Turning and turning in the widening gyre
The falcon cannot hear the falconer;
Things fall apart; the center cannot hold;
Mere anarchy is loosed upon the world,
The blood-dimmed tide is loosed, and everywhere
The ceremony of innocence is drowned;
The best lack all conviction, while the worst
Are full of passionate intensity.
Surely some revelation is at hand;
Surely the Second Coming is at hand.
The Second Coming!
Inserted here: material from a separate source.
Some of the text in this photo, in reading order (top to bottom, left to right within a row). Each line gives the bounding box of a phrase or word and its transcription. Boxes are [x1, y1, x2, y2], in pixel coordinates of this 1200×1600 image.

Hardly are those words out
When a vast image out of Spiritus Mundi
Troubles my sight: somewhere in sands of the desert
A shape with lion body and the head of a man,
A gaze blind and pitiless as the sun,
Is moving its slow thighs, while all about it
Reel shadows of the indignant desert birds.
The darkness drops again; but now I know That twenty centuries of stony sleep Were vexed to nightmare by a rocking cradle, And what rough beast, its hour come round at last, Slouches toward Bethlehem to be born?
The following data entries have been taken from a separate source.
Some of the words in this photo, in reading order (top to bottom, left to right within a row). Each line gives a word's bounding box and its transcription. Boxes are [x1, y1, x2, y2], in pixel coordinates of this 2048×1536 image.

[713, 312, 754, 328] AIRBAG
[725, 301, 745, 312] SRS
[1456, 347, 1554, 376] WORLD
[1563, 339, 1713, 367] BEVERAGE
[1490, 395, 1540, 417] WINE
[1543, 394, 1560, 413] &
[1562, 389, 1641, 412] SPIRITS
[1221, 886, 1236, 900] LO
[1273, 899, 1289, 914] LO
As Yeats looks around his world, he sees nothing but signs of despair everywhere. He is torn between wanting to believe in something liberating to end all the suffering afflicting the world and his scepticism of Christian hope that "everything will be okay." His writings point to the social ills of modernity. He is concerned about the rupture of traditional family and societal structures, a steady decline in religious faith, and the collective sense of purpose. The old rules no longer apply, and there's nothing to replace them. Hence, "Things fall apart; the center cannot hold."
Yeast believes something like the Christian idea of a "second coming" is about to happen. But instead of earthly peace, it will bring terror. The slouching beast is the force of uncontrollable chaos. All this because, "The best lack all conviction, while the worst Are full of passionate intensity."
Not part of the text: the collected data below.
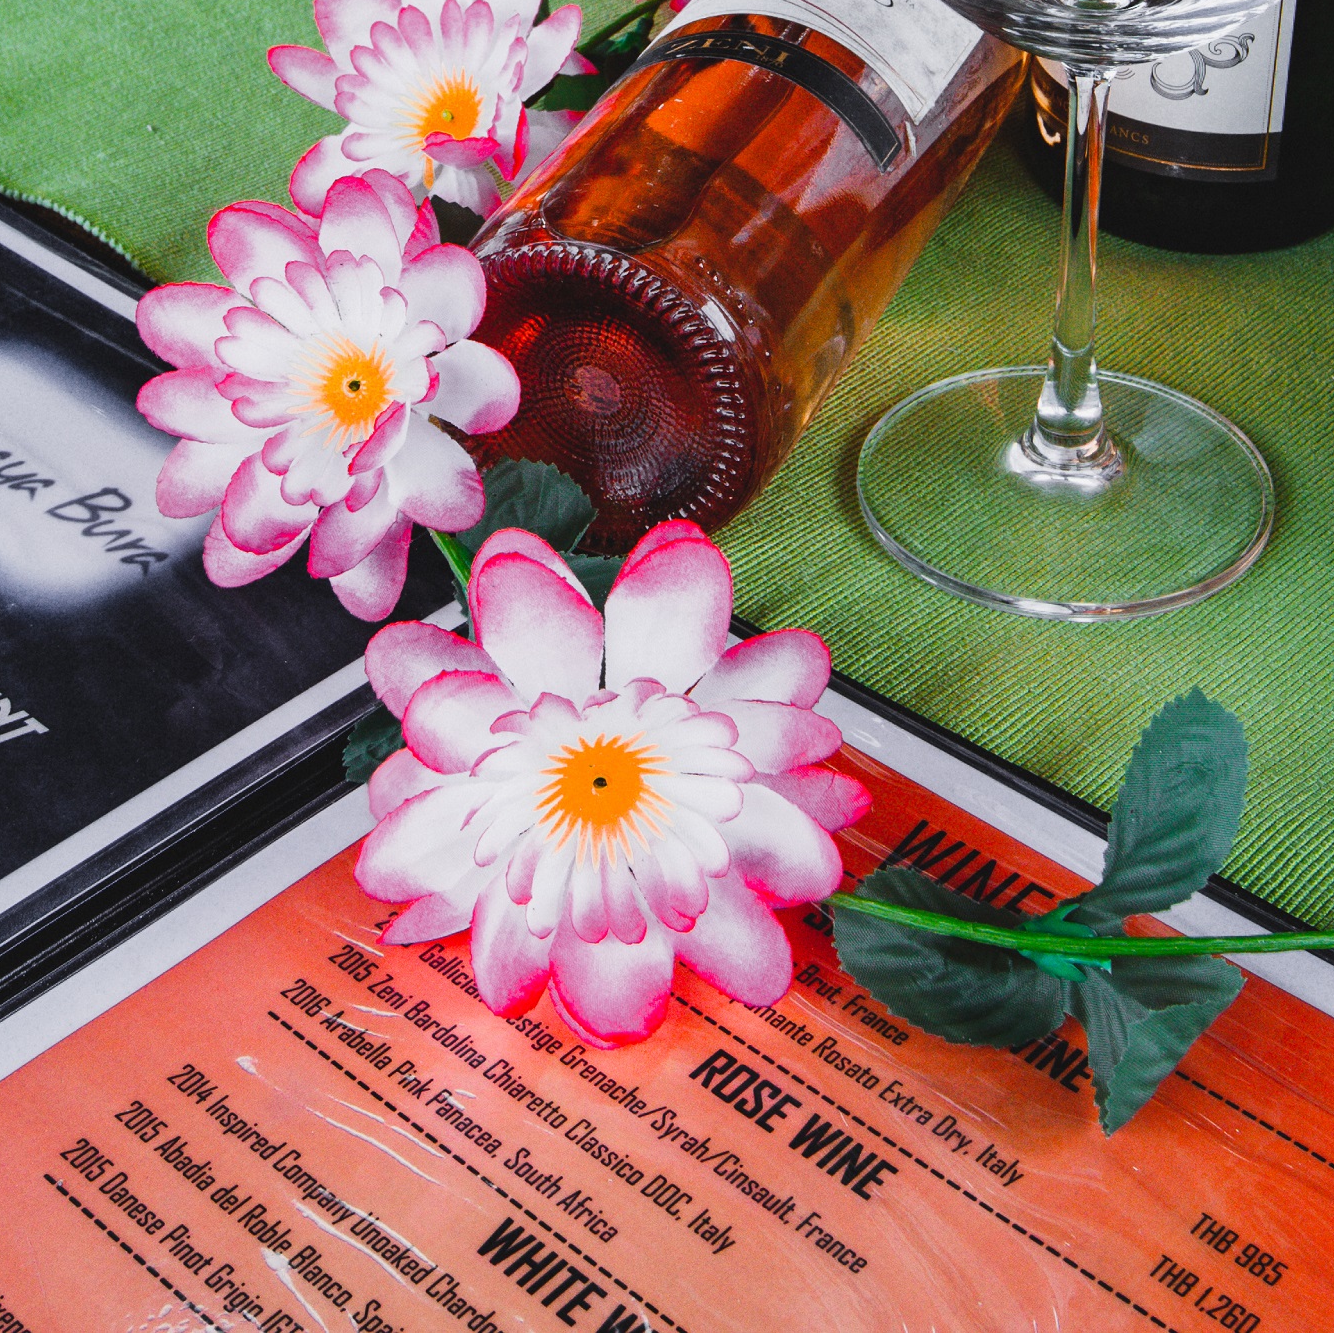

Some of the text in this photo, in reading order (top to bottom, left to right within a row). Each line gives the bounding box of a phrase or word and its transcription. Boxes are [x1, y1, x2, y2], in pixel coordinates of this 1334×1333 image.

[666, 38, 791, 63] ZENI
[1110, 125, 1150, 145] ANCS
[45, 487, 169, 576] Bura
[795, 964, 910, 1046] Brut, France
[1009, 1032, 1092, 1094] INE
[280, 978, 619, 1244] 2016 Arabella Pink Panacea, South Africa
[328, 944, 736, 1255] 2015 Zeni Bardolina Chiaretto Classico DOC, Italy
[506, 1015, 564, 1055] estige
[795, 1211, 868, 1274] France
[688, 1048, 900, 1202] ROSE WINE
[812, 1036, 881, 1090] Rosato
[879, 1080, 934, 1126] Extra
[931, 1114, 975, 1157] Dry,
[974, 1143, 1026, 1187] Italy
[59, 1138, 115, 1183] 2015
[99, 1171, 167, 1236] Danese
[159, 1223, 213, 1276] Pinot
[204, 1263, 265, 1329] Grigio
[114, 1100, 169, 1143] 2015
[153, 1135, 216, 1192] Abadia
[209, 1184, 254, 1216] del
[236, 1203, 293, 1254] Roble
[287, 1244, 353, 1313] Blanco,
[167, 1063, 219, 1105] 2014
[204, 1094, 288, 1161] Inspired
[271, 1149, 356, 1226] Company
[350, 1212, 438, 1284] Unoaked
[476, 1216, 608, 1328] WHITE
[1149, 1254, 1200, 1298] THB
[1190, 1211, 1289, 1287] THB 985
In some ways, Yeast's "Second Coming" perfectly renders our 21st Century reality. Violence and division at all levels of society seem to be at their peak. A sense of hopelessness is present in the daily news. The Spiritus Mundi (Spirit of the World) often appears not as one of peace and hope but of ever-growing unrest and discord. Not to forget the fear of contagion virus swirling over us.
But while there is much to admire about Yeats's "Second Coming" and its prophetic insights, it seems to miss the mark as it surrenders future hopes to present despair. It's not the beast that "Slouches toward Bethlehem" but rather a divine hope slowly moving toward Bethlehem. If anything, it's a beastly hope.
Indeed, Advent is an antidote to the apparent hopelessness that Yeats felt, and that may well be weighing us down as well. Advent speaks of a hopeful future. At the start of Advent this year, we hear Jeremiah's Old Testament prophecy that predicts the coming of the Messiah, the Saviour.
Jeremiah 33:14-16
14The days are surely coming, says the Lord, when I will fulfill the promise I made to the house of Israel and the house of Judah. 15In those days and at that time I will cause a righteous Branch to spring up for David; and he shall execute justice and righteousness in the land. 16In those days Judah will be saved and Jerusalem will live in safety. And this is the name by which it will be called: "The Lord is our righteousness."
There is no surprise that as the day of Jesus' birth approached, people expected a king. They grew up listening to Scriptures full of promises like this one from Jeremiah. They had suffered a lot and now they look toward a time when God would send someone to rule over their rulers. Although, the words "righteous," "spring up," and "execute justice and righteousness" are not the best description of a fragile newborn child born in a backwater of the Roman Empire to an unwed teenaged mother. Nor does it precisely depict a man who spent most of his time around the most unrighteous people on the dusty roads of Palestine.
Yet, this text from Jeremiah is full of hope and life. It points us beyond surrendering our present realities to despair. It reminds us that the one who came to us in Bethlehem is much stronger than any Beast that may today slouch toward Bethlehem or our homes, for that matter.
References
Norman Jeffares commentary on the Poems of W.B. Yeats.